**Supplied entries**
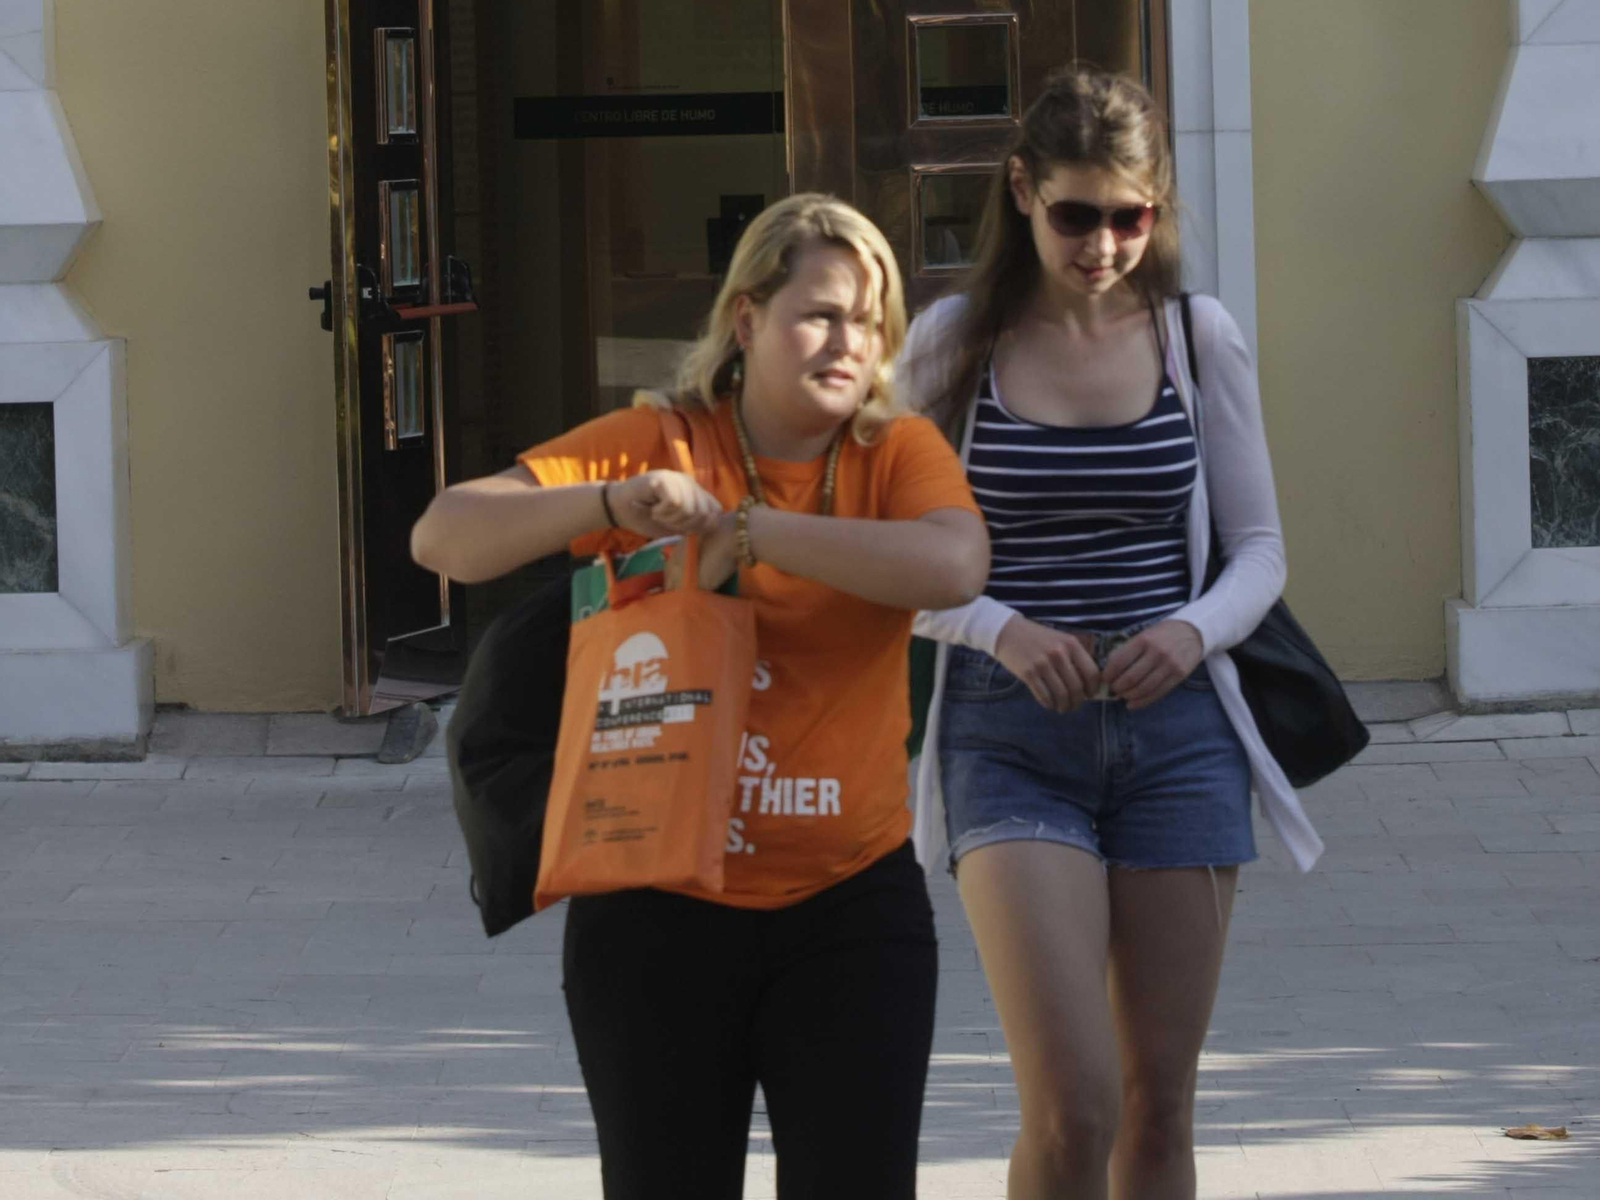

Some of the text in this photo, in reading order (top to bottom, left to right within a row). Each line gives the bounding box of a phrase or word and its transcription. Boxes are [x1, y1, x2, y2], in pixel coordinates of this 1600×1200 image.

[574, 108, 716, 123] CENTRO LIBRE DE HUMO
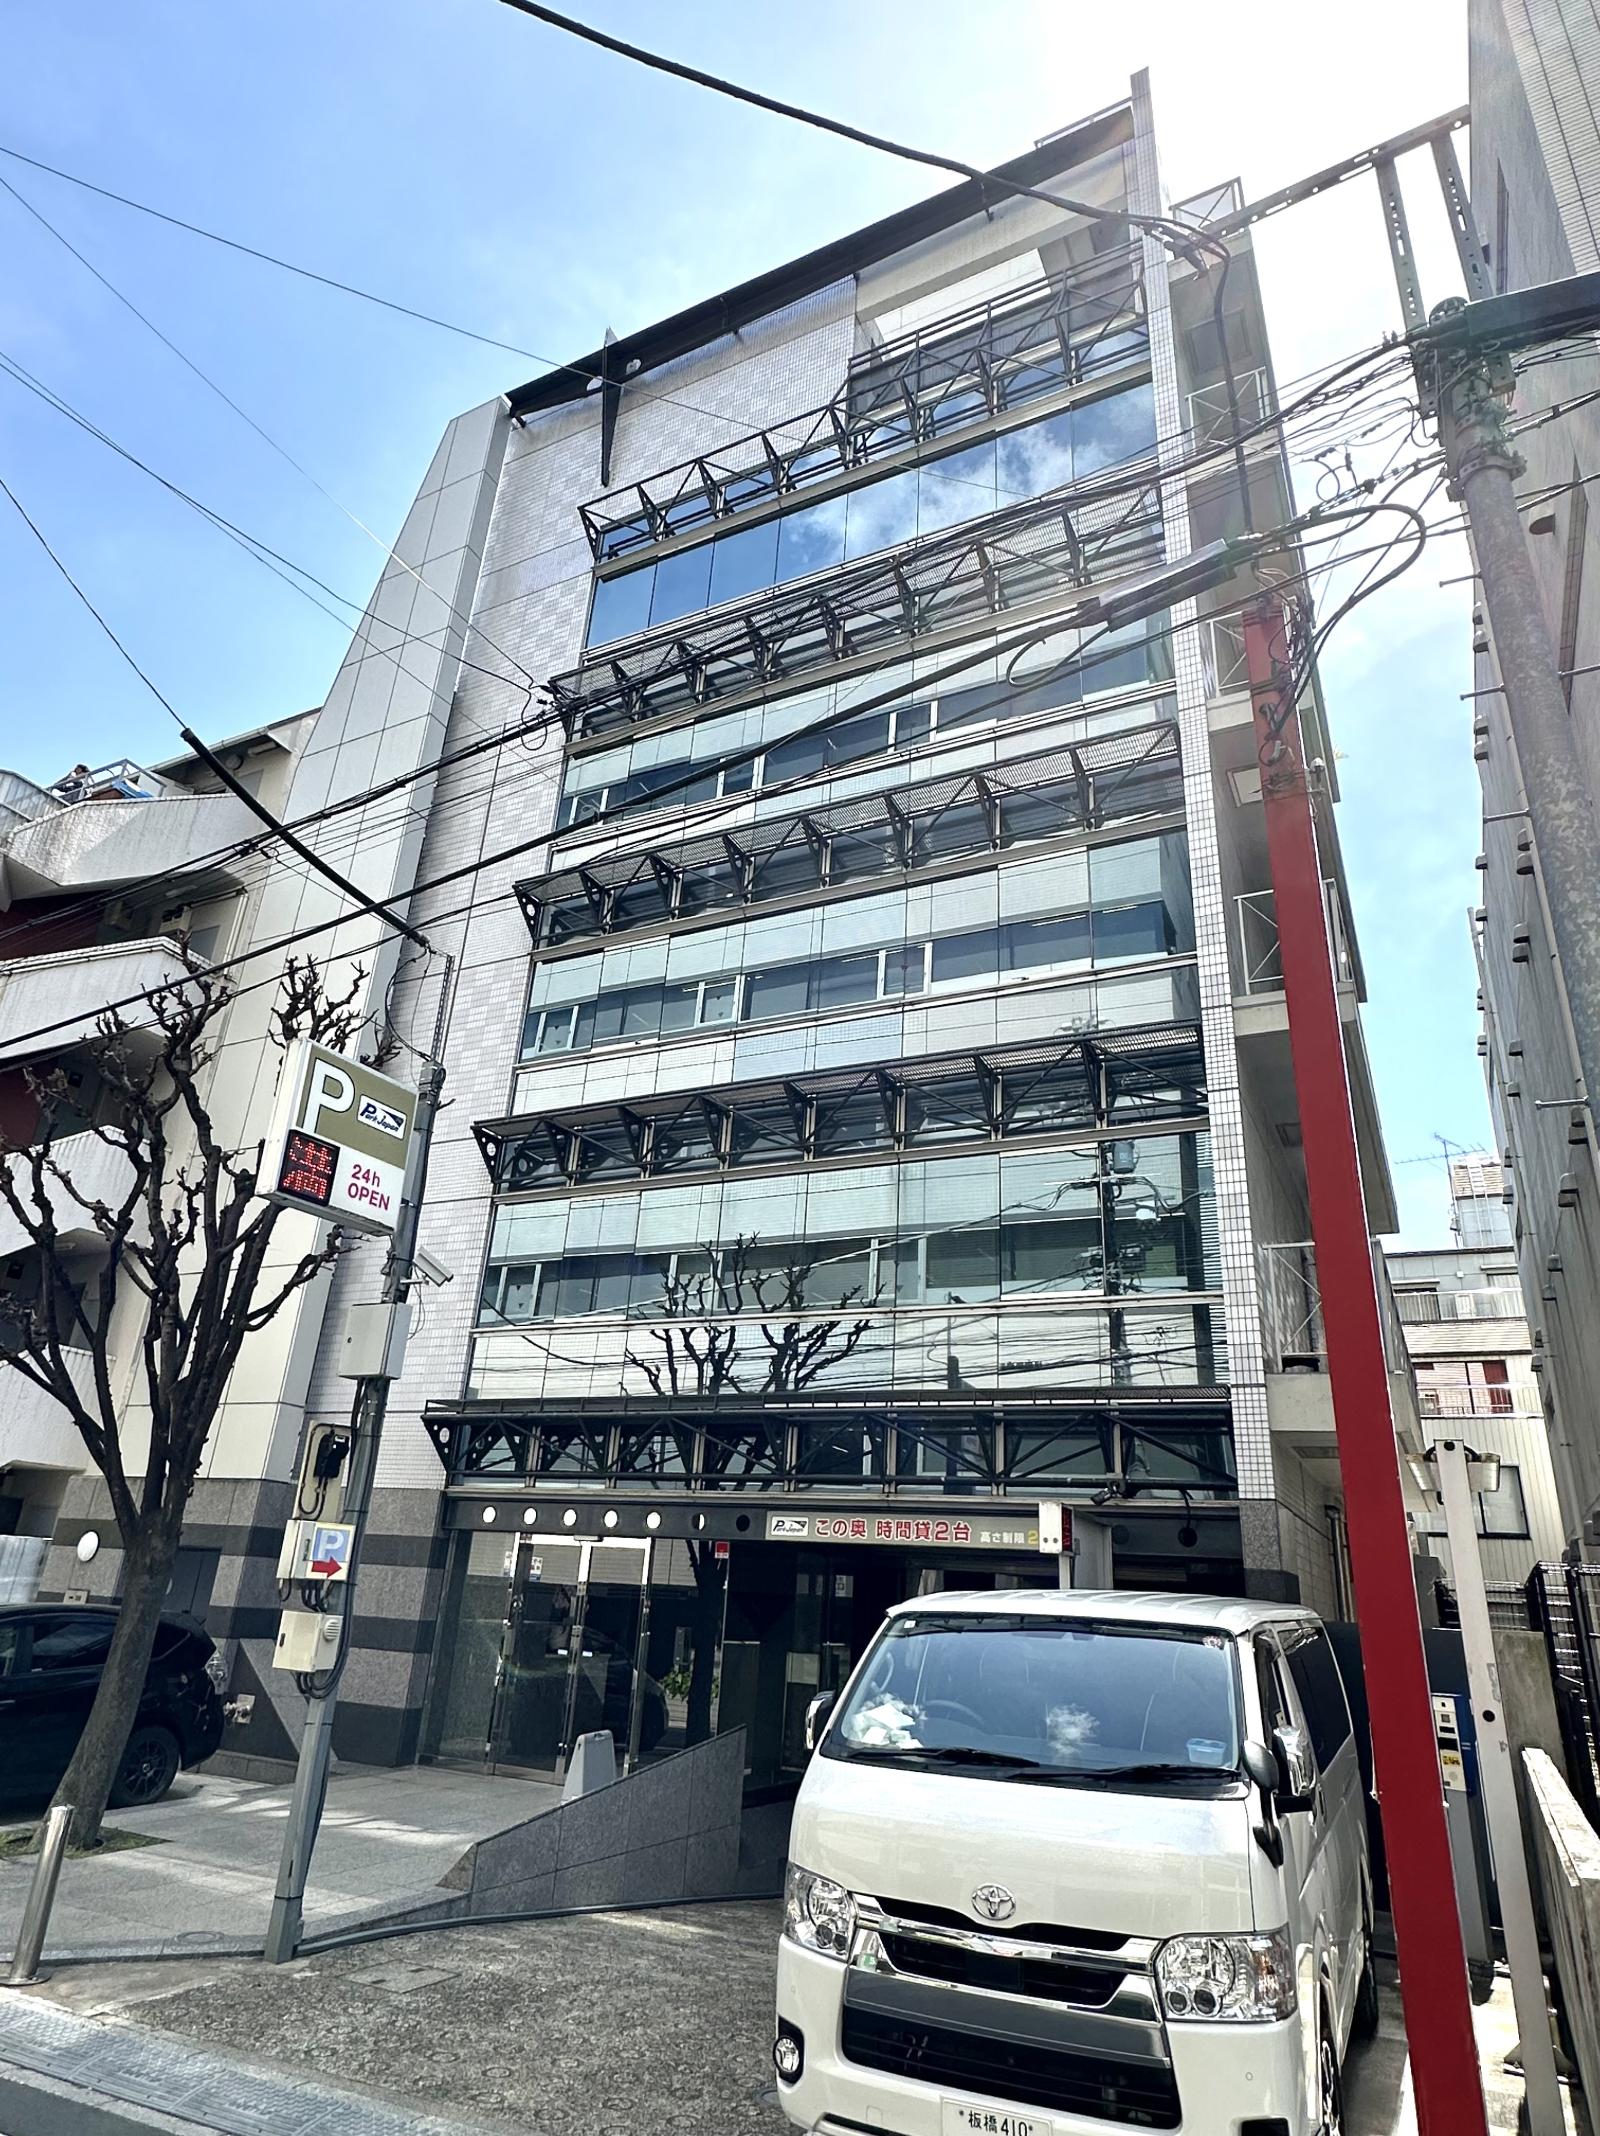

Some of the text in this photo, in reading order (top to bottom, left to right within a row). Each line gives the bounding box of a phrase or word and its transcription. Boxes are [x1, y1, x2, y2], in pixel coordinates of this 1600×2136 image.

[302, 1057, 355, 1133] P
[360, 1102, 399, 1132] Park Japan
[351, 1163, 380, 1188] 24h
[347, 1182, 390, 1211] OPEN
[318, 1530, 344, 1561] P
[816, 1519, 867, 1538] この奥
[876, 1519, 971, 1542] 時間貸2台
[980, 1531, 1025, 1544] 高さ制限
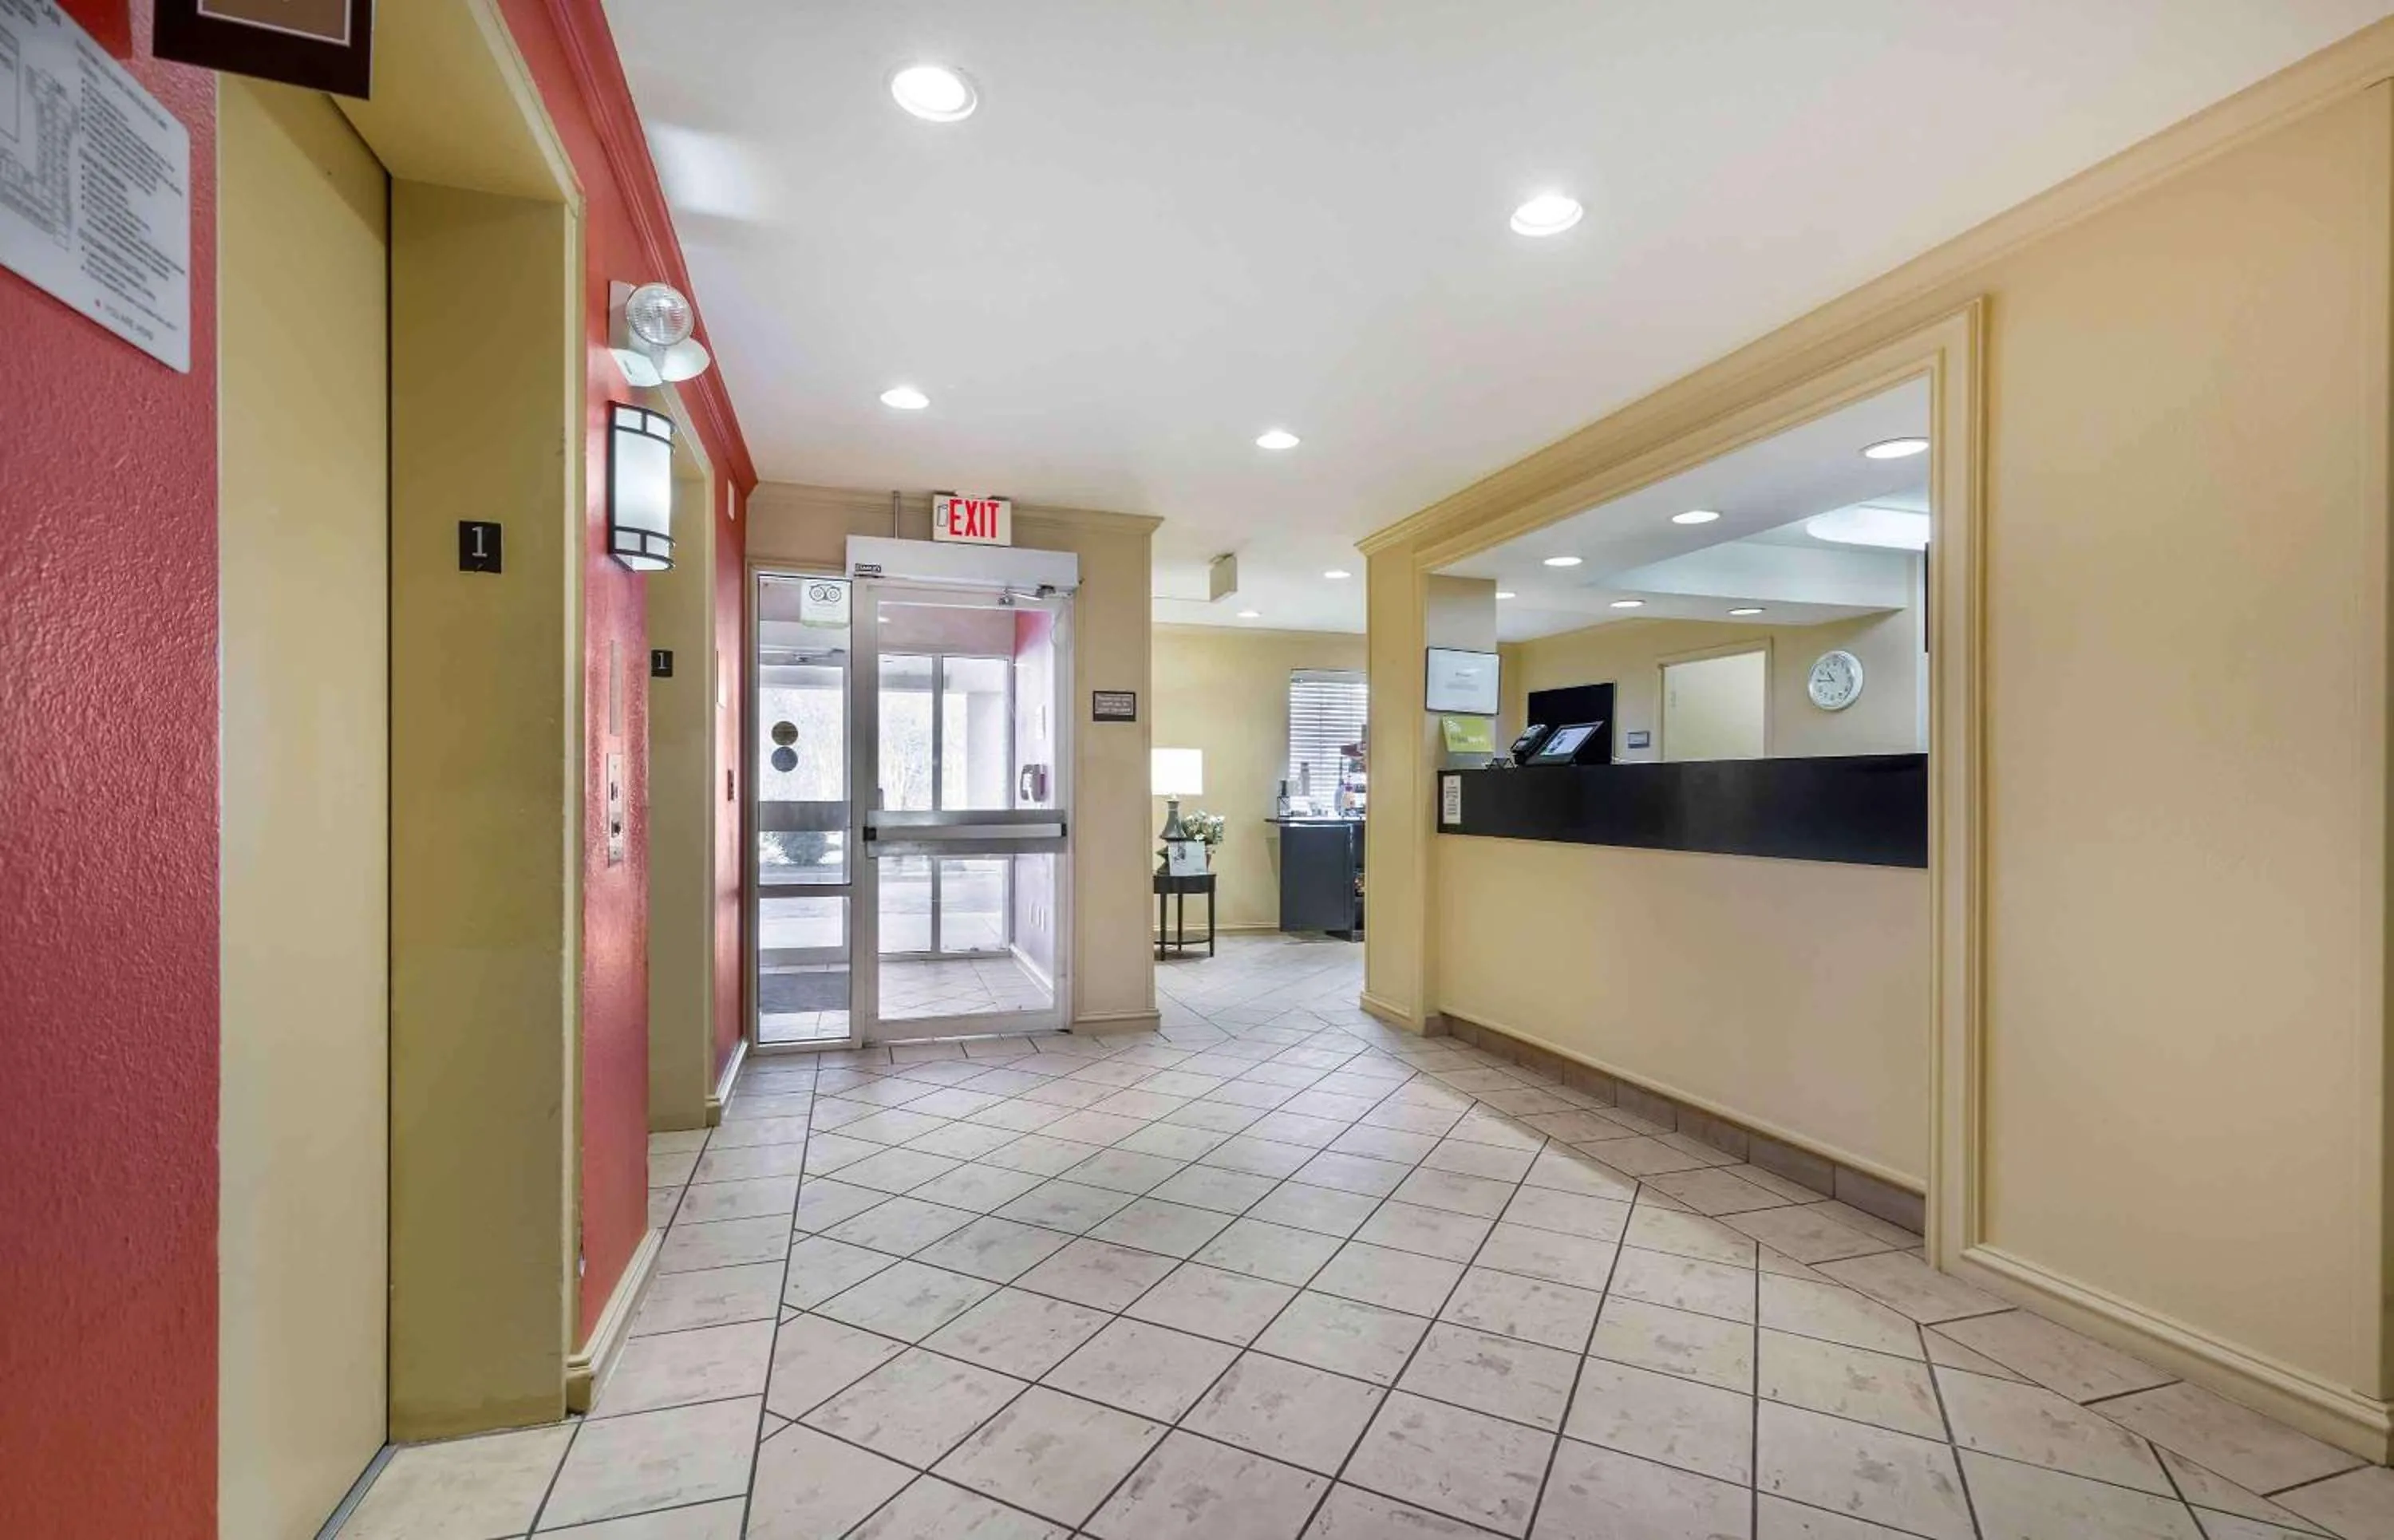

**Problem to solve**
Send back the entries above exactly. Skip the images.

**Result**
Some of the text in this photo, in reading order (top to bottom, left to right within a row). Each line gives the bounding box of a phrase or word and its transcription. Boxes are [x1, y1, x2, y2], in pixel coordinates of this 1600×1200 image.

[574, 108, 716, 123] CENTRO LIBRE DE HUMO

Some of the text in this photo, in reading order (top to bottom, left to right within a row). Each line gives the bounding box of a phrase or word and its transcription. Boxes are [x1, y1, x2, y2], in pixel coordinates of this 1600×2136 image.

[302, 1057, 355, 1133] P
[360, 1102, 399, 1132] Park Japan
[351, 1163, 380, 1188] 24h
[347, 1182, 390, 1211] OPEN
[318, 1530, 344, 1561] P
[816, 1519, 867, 1538] この奥
[876, 1519, 971, 1542] 時間貸2台
[980, 1531, 1025, 1544] 高さ制限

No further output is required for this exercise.